Dataset entries
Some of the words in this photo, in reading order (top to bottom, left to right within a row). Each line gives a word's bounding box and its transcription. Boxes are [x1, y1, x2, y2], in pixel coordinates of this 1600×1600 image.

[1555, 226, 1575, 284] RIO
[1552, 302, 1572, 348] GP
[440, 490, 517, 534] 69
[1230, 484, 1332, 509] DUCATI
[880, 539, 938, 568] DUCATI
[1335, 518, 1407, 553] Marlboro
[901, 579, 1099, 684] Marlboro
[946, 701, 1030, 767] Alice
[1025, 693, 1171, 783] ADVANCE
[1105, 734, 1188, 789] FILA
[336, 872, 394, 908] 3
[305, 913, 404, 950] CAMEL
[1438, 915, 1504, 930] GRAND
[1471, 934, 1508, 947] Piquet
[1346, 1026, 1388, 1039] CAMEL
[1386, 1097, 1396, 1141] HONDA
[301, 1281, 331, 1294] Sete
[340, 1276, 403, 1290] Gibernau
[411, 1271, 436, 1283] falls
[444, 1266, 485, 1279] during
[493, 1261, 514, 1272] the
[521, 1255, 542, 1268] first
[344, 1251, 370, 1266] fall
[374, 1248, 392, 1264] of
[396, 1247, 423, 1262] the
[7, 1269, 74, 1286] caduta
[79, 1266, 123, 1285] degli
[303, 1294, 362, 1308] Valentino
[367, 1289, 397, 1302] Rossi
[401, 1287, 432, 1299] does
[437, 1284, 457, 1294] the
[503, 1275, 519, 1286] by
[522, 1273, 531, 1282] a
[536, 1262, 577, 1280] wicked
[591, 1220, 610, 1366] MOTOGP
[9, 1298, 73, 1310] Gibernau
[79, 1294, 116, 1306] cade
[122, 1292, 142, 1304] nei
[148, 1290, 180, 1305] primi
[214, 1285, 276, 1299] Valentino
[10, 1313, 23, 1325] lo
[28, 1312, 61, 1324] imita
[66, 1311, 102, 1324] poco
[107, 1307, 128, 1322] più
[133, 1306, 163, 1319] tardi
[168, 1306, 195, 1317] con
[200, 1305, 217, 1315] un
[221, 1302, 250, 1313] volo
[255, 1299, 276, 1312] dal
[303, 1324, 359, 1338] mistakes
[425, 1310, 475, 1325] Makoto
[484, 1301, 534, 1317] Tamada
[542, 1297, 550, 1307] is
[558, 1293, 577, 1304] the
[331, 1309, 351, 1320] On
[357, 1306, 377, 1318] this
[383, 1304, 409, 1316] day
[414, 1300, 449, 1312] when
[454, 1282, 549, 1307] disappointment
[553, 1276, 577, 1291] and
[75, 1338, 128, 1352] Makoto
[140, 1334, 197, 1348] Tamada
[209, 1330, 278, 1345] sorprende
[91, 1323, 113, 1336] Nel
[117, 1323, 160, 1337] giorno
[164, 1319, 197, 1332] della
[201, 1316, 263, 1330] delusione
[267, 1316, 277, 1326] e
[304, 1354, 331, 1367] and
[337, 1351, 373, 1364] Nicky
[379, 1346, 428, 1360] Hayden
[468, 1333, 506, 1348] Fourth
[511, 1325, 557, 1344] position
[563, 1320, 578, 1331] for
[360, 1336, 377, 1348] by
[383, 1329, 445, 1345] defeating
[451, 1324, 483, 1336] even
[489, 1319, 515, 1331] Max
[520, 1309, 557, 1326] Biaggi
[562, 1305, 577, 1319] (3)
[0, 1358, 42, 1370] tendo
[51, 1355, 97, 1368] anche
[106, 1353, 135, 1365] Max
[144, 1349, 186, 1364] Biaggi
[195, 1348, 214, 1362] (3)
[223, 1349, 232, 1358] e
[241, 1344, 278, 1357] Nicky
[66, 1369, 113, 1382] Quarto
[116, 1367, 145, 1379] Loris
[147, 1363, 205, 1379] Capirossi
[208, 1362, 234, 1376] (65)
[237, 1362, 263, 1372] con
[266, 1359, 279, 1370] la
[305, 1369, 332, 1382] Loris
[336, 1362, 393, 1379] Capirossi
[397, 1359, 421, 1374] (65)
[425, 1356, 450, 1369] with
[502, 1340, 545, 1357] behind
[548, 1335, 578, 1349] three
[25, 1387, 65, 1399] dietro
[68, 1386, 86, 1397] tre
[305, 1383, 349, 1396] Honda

* **Description of the task**
Your task is to repeat every entry exactly.

* **Answer for this exercise**
Some of the words in this photo, in reading order (top to bottom, left to right within a row). Each line gives a word's bounding box and its transcription. Boxes are [x1, y1, x2, y2], in pixel coordinates of this 1600×1600 image.

[1555, 226, 1575, 284] RIO
[1552, 302, 1572, 348] GP
[440, 490, 517, 534] 69
[1230, 484, 1332, 509] DUCATI
[880, 539, 938, 568] DUCATI
[1335, 518, 1407, 553] Marlboro
[901, 579, 1099, 684] Marlboro
[946, 701, 1030, 767] Alice
[1025, 693, 1171, 783] ADVANCE
[1105, 734, 1188, 789] FILA
[336, 872, 394, 908] 3
[305, 913, 404, 950] CAMEL
[1438, 915, 1504, 930] GRAND
[1471, 934, 1508, 947] Piquet
[1346, 1026, 1388, 1039] CAMEL
[1386, 1097, 1396, 1141] HONDA
[301, 1281, 331, 1294] Sete
[340, 1276, 403, 1290] Gibernau
[411, 1271, 436, 1283] falls
[444, 1266, 485, 1279] during
[493, 1261, 514, 1272] the
[521, 1255, 542, 1268] first
[344, 1251, 370, 1266] fall
[374, 1248, 392, 1264] of
[396, 1247, 423, 1262] the
[7, 1269, 74, 1286] caduta
[79, 1266, 123, 1285] degli
[303, 1294, 362, 1308] Valentino
[367, 1289, 397, 1302] Rossi
[401, 1287, 432, 1299] does
[437, 1284, 457, 1294] the
[503, 1275, 519, 1286] by
[522, 1273, 531, 1282] a
[536, 1262, 577, 1280] wicked
[591, 1220, 610, 1366] MOTOGP
[9, 1298, 73, 1310] Gibernau
[79, 1294, 116, 1306] cade
[122, 1292, 142, 1304] nei
[148, 1290, 180, 1305] primi
[214, 1285, 276, 1299] Valentino
[10, 1313, 23, 1325] lo
[28, 1312, 61, 1324] imita
[66, 1311, 102, 1324] poco
[107, 1307, 128, 1322] più
[133, 1306, 163, 1319] tardi
[168, 1306, 195, 1317] con
[200, 1305, 217, 1315] un
[221, 1302, 250, 1313] volo
[255, 1299, 276, 1312] dal
[303, 1324, 359, 1338] mistakes
[425, 1310, 475, 1325] Makoto
[484, 1301, 534, 1317] Tamada
[542, 1297, 550, 1307] is
[558, 1293, 577, 1304] the
[331, 1309, 351, 1320] On
[357, 1306, 377, 1318] this
[383, 1304, 409, 1316] day
[414, 1300, 449, 1312] when
[454, 1282, 549, 1307] disappointment
[553, 1276, 577, 1291] and
[75, 1338, 128, 1352] Makoto
[140, 1334, 197, 1348] Tamada
[209, 1330, 278, 1345] sorprende
[91, 1323, 113, 1336] Nel
[117, 1323, 160, 1337] giorno
[164, 1319, 197, 1332] della
[201, 1316, 263, 1330] delusione
[267, 1316, 277, 1326] e
[304, 1354, 331, 1367] and
[337, 1351, 373, 1364] Nicky
[379, 1346, 428, 1360] Hayden
[468, 1333, 506, 1348] Fourth
[511, 1325, 557, 1344] position
[563, 1320, 578, 1331] for
[360, 1336, 377, 1348] by
[383, 1329, 445, 1345] defeating
[451, 1324, 483, 1336] even
[489, 1319, 515, 1331] Max
[520, 1309, 557, 1326] Biaggi
[562, 1305, 577, 1319] (3)
[0, 1358, 42, 1370] tendo
[51, 1355, 97, 1368] anche
[106, 1353, 135, 1365] Max
[144, 1349, 186, 1364] Biaggi
[195, 1348, 214, 1362] (3)
[223, 1349, 232, 1358] e
[241, 1344, 278, 1357] Nicky
[66, 1369, 113, 1382] Quarto
[116, 1367, 145, 1379] Loris
[147, 1363, 205, 1379] Capirossi
[208, 1362, 234, 1376] (65)
[237, 1362, 263, 1372] con
[266, 1359, 279, 1370] la
[305, 1369, 332, 1382] Loris
[336, 1362, 393, 1379] Capirossi
[397, 1359, 421, 1374] (65)
[425, 1356, 450, 1369] with
[502, 1340, 545, 1357] behind
[548, 1335, 578, 1349] three
[25, 1387, 65, 1399] dietro
[68, 1386, 86, 1397] tre
[305, 1383, 349, 1396] Honda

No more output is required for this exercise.